● What is being asked:
The entries below are to be written out again without alteration.

● Source data:
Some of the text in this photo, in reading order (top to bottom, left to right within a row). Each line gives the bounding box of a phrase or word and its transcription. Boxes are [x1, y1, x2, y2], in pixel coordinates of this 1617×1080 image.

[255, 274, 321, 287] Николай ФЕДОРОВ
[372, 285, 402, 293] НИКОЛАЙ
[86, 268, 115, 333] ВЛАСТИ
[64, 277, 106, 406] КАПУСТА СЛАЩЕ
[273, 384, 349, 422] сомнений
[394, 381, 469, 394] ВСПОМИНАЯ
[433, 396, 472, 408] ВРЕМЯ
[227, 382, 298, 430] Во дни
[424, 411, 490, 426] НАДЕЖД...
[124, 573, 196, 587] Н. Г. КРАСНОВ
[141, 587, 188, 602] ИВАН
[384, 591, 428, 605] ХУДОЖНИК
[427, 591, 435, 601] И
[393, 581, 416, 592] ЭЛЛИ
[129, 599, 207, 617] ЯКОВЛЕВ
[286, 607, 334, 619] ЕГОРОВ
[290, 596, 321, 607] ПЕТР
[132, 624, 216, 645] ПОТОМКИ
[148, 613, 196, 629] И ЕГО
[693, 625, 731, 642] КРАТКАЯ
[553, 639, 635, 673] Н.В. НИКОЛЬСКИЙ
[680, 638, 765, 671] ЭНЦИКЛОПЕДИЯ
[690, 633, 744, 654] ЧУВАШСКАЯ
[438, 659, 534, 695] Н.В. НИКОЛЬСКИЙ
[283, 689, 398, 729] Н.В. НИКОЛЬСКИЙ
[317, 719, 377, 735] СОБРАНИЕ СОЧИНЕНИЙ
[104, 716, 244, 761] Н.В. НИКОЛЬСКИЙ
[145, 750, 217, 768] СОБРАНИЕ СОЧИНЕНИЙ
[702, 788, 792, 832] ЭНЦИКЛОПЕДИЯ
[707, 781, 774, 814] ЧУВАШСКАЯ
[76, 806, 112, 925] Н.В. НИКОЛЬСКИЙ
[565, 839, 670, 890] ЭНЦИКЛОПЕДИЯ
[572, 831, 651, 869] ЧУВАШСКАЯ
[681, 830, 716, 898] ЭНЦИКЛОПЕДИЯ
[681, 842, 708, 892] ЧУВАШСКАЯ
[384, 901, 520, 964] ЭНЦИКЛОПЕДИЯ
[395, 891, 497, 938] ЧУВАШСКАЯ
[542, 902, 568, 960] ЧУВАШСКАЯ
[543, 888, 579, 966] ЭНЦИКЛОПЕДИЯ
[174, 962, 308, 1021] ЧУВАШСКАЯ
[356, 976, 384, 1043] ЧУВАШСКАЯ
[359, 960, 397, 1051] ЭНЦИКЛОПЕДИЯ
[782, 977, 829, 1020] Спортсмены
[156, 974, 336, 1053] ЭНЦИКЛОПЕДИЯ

● Response for this exercise:
Some of the text in this photo, in reading order (top to bottom, left to right within a row). Each line gives the bounding box of a phrase or word and its transcription. Boxes are [x1, y1, x2, y2], in pixel coordinates of this 1617×1080 image.

[255, 274, 321, 287] Николай ФЕДОРОВ
[372, 285, 402, 293] НИКОЛАЙ
[86, 268, 115, 333] ВЛАСТИ
[64, 277, 106, 406] КАПУСТА СЛАЩЕ
[273, 384, 349, 422] сомнений
[394, 381, 469, 394] ВСПОМИНАЯ
[433, 396, 472, 408] ВРЕМЯ
[227, 382, 298, 430] Во дни
[424, 411, 490, 426] НАДЕЖД...
[124, 573, 196, 587] Н. Г. КРАСНОВ
[141, 587, 188, 602] ИВАН
[384, 591, 428, 605] ХУДОЖНИК
[427, 591, 435, 601] И
[393, 581, 416, 592] ЭЛЛИ
[129, 599, 207, 617] ЯКОВЛЕВ
[286, 607, 334, 619] ЕГОРОВ
[290, 596, 321, 607] ПЕТР
[132, 624, 216, 645] ПОТОМКИ
[148, 613, 196, 629] И ЕГО
[693, 625, 731, 642] КРАТКАЯ
[553, 639, 635, 673] Н.В. НИКОЛЬСКИЙ
[680, 638, 765, 671] ЭНЦИКЛОПЕДИЯ
[690, 633, 744, 654] ЧУВАШСКАЯ
[438, 659, 534, 695] Н.В. НИКОЛЬСКИЙ
[283, 689, 398, 729] Н.В. НИКОЛЬСКИЙ
[317, 719, 377, 735] СОБРАНИЕ СОЧИНЕНИЙ
[104, 716, 244, 761] Н.В. НИКОЛЬСКИЙ
[145, 750, 217, 768] СОБРАНИЕ СОЧИНЕНИЙ
[702, 788, 792, 832] ЭНЦИКЛОПЕДИЯ
[707, 781, 774, 814] ЧУВАШСКАЯ
[76, 806, 112, 925] Н.В. НИКОЛЬСКИЙ
[565, 839, 670, 890] ЭНЦИКЛОПЕДИЯ
[572, 831, 651, 869] ЧУВАШСКАЯ
[681, 830, 716, 898] ЭНЦИКЛОПЕДИЯ
[681, 842, 708, 892] ЧУВАШСКАЯ
[384, 901, 520, 964] ЭНЦИКЛОПЕДИЯ
[395, 891, 497, 938] ЧУВАШСКАЯ
[542, 902, 568, 960] ЧУВАШСКАЯ
[543, 888, 579, 966] ЭНЦИКЛОПЕДИЯ
[174, 962, 308, 1021] ЧУВАШСКАЯ
[356, 976, 384, 1043] ЧУВАШСКАЯ
[359, 960, 397, 1051] ЭНЦИКЛОПЕДИЯ
[782, 977, 829, 1020] Спортсмены
[156, 974, 336, 1053] ЭНЦИКЛОПЕДИЯ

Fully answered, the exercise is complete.